▸ Free-text object descriptions

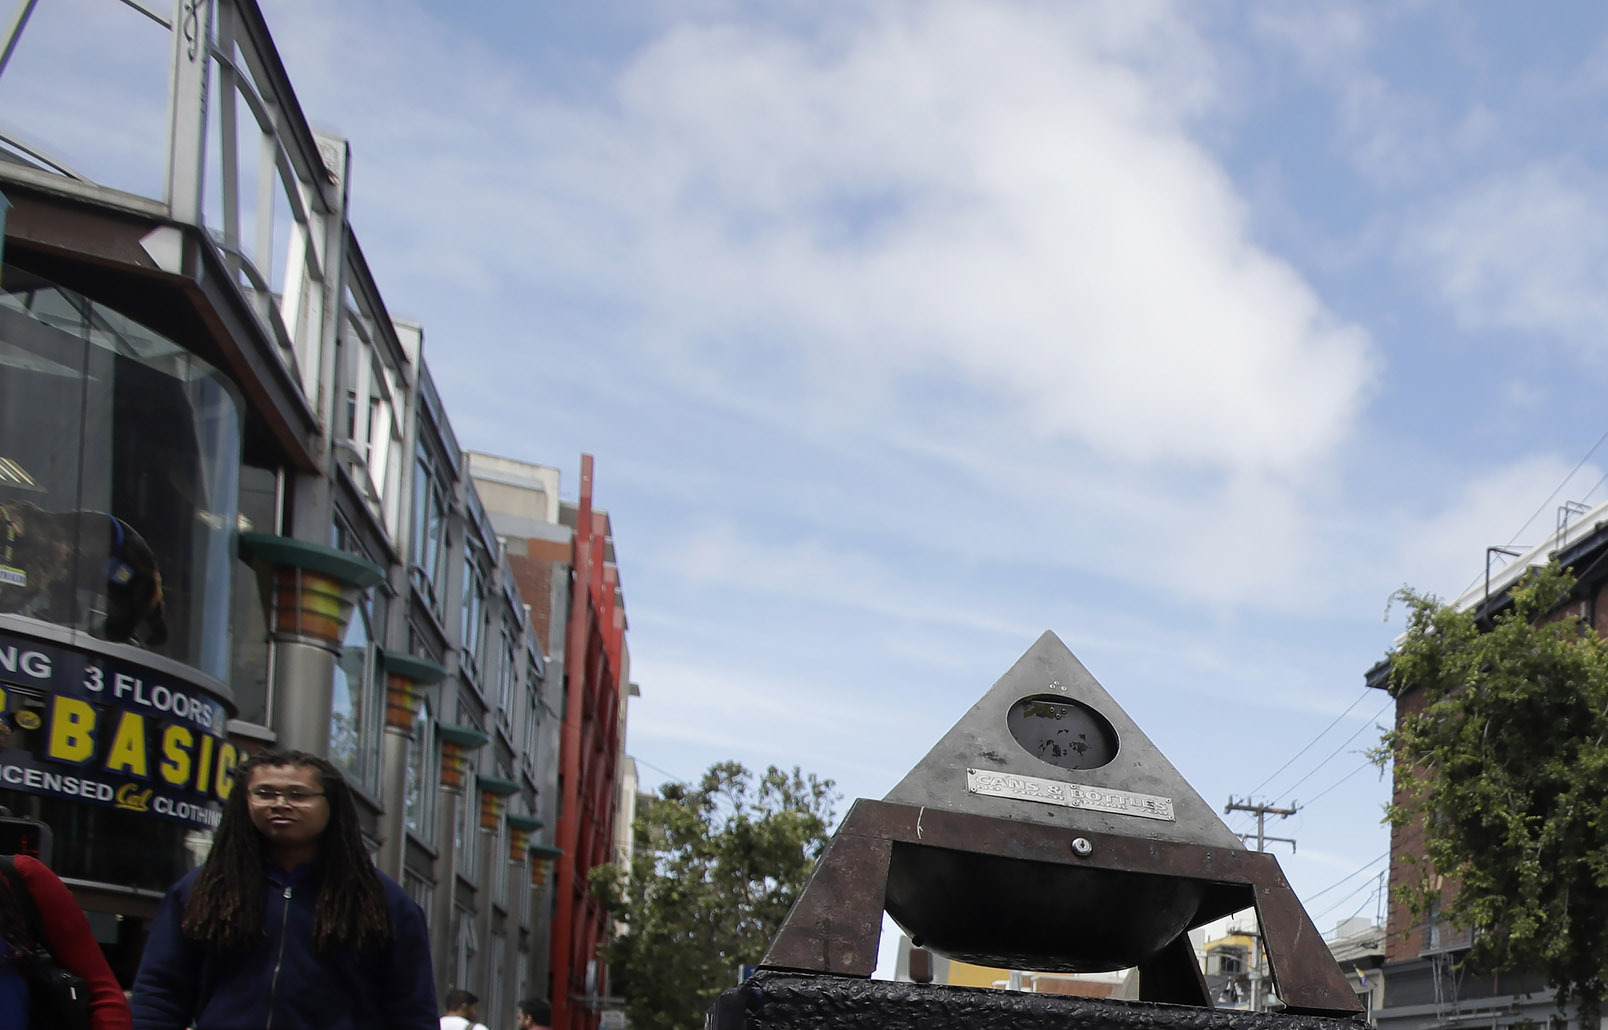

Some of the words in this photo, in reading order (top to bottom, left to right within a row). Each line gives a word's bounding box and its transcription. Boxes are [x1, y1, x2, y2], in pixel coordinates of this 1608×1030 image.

[84, 667, 104, 692] 3
[115, 674, 213, 728] FLOORS
[48, 695, 249, 800] BASIC
[976, 775, 1040, 791] CANS
[1047, 785, 1063, 795] &
[1070, 789, 1167, 810] BOTTLES
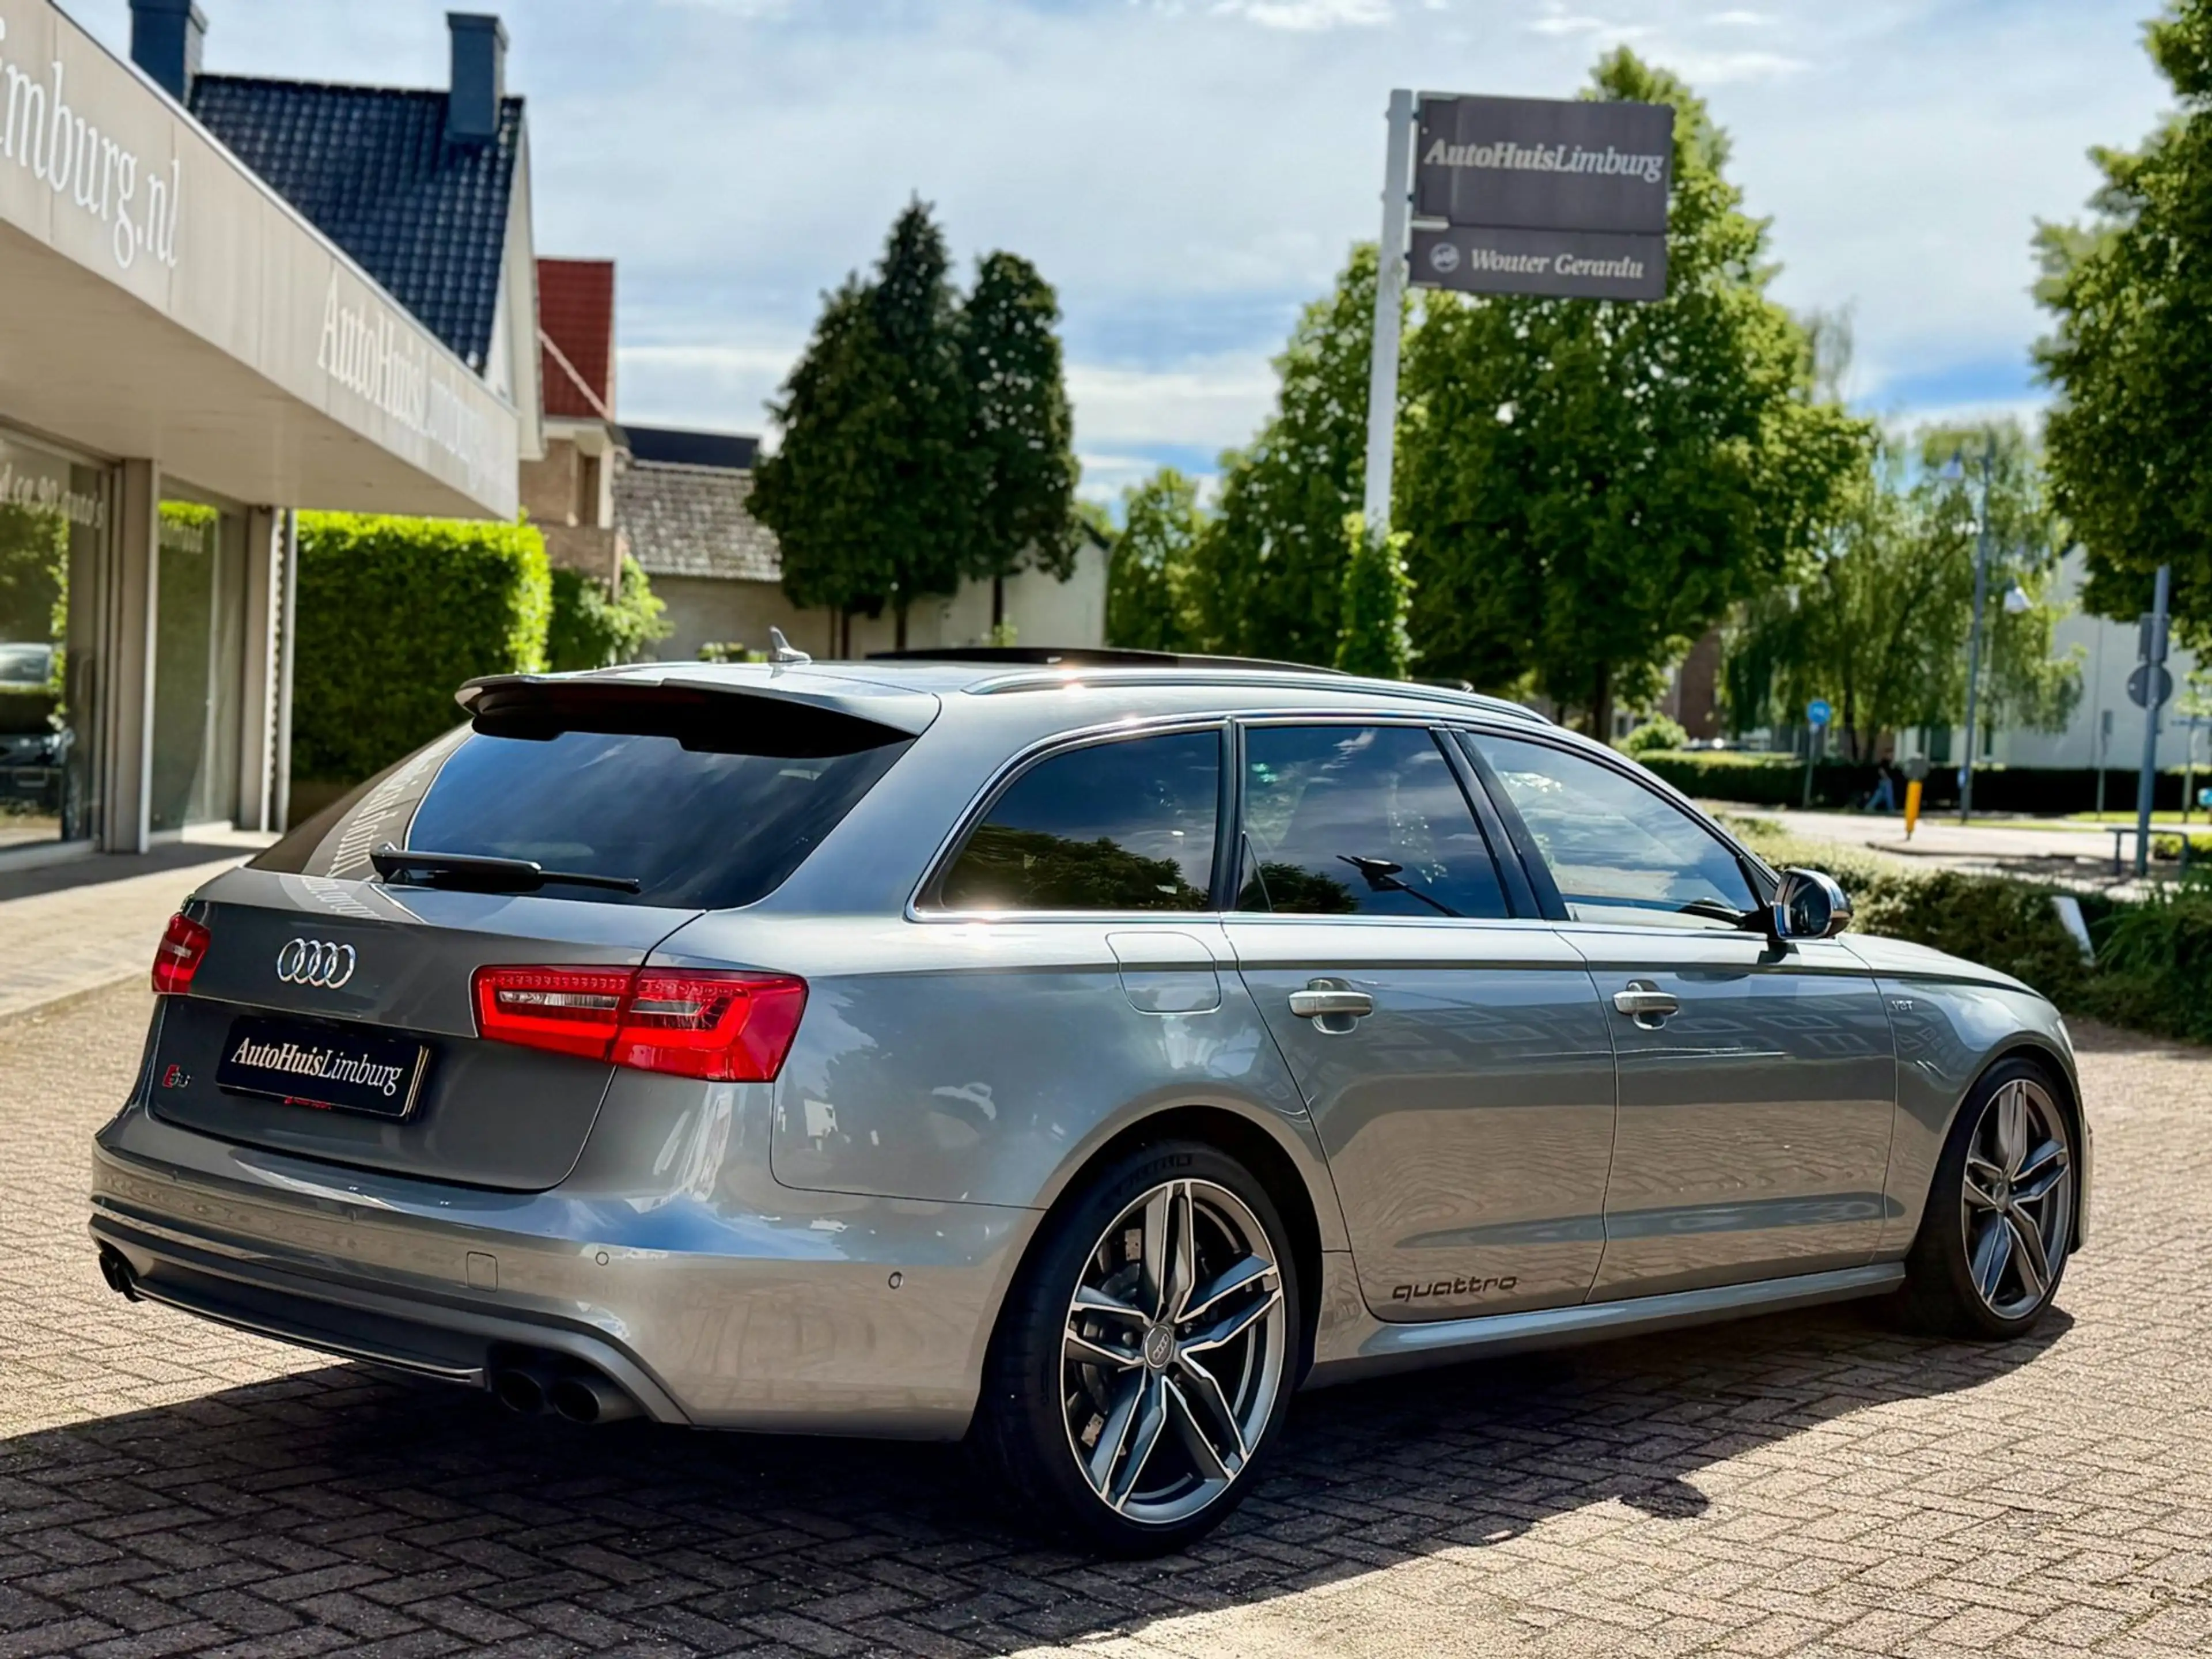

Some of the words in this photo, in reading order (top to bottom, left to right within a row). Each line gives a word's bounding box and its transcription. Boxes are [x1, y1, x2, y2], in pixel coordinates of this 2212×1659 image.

[1424, 138, 1664, 184] AutoHuisLimburg
[231, 1037, 403, 1096] AutoHuisLimburg
[1392, 1276, 1517, 1302] quattro

▸ Task prompt
Reproduce all of the entries exactly as they appear, though any picture they include must be omitted.

▸ Solution for this problem
Some of the words in this photo, in reading order (top to bottom, left to right within a row). Each line gives a word's bounding box and its transcription. Boxes are [x1, y1, x2, y2], in pixel coordinates of this 1608×1030 image.

[84, 667, 104, 692] 3
[115, 674, 213, 728] FLOORS
[48, 695, 249, 800] BASIC
[976, 775, 1040, 791] CANS
[1047, 785, 1063, 795] &
[1070, 789, 1167, 810] BOTTLES

Some of the words in this photo, in reading order (top to bottom, left to right within a row). Each line gives a word's bounding box and its transcription. Boxes are [x1, y1, x2, y2], in pixel coordinates of this 2212×1659 image.

[1424, 138, 1664, 184] AutoHuisLimburg
[231, 1037, 403, 1096] AutoHuisLimburg
[1392, 1276, 1517, 1302] quattro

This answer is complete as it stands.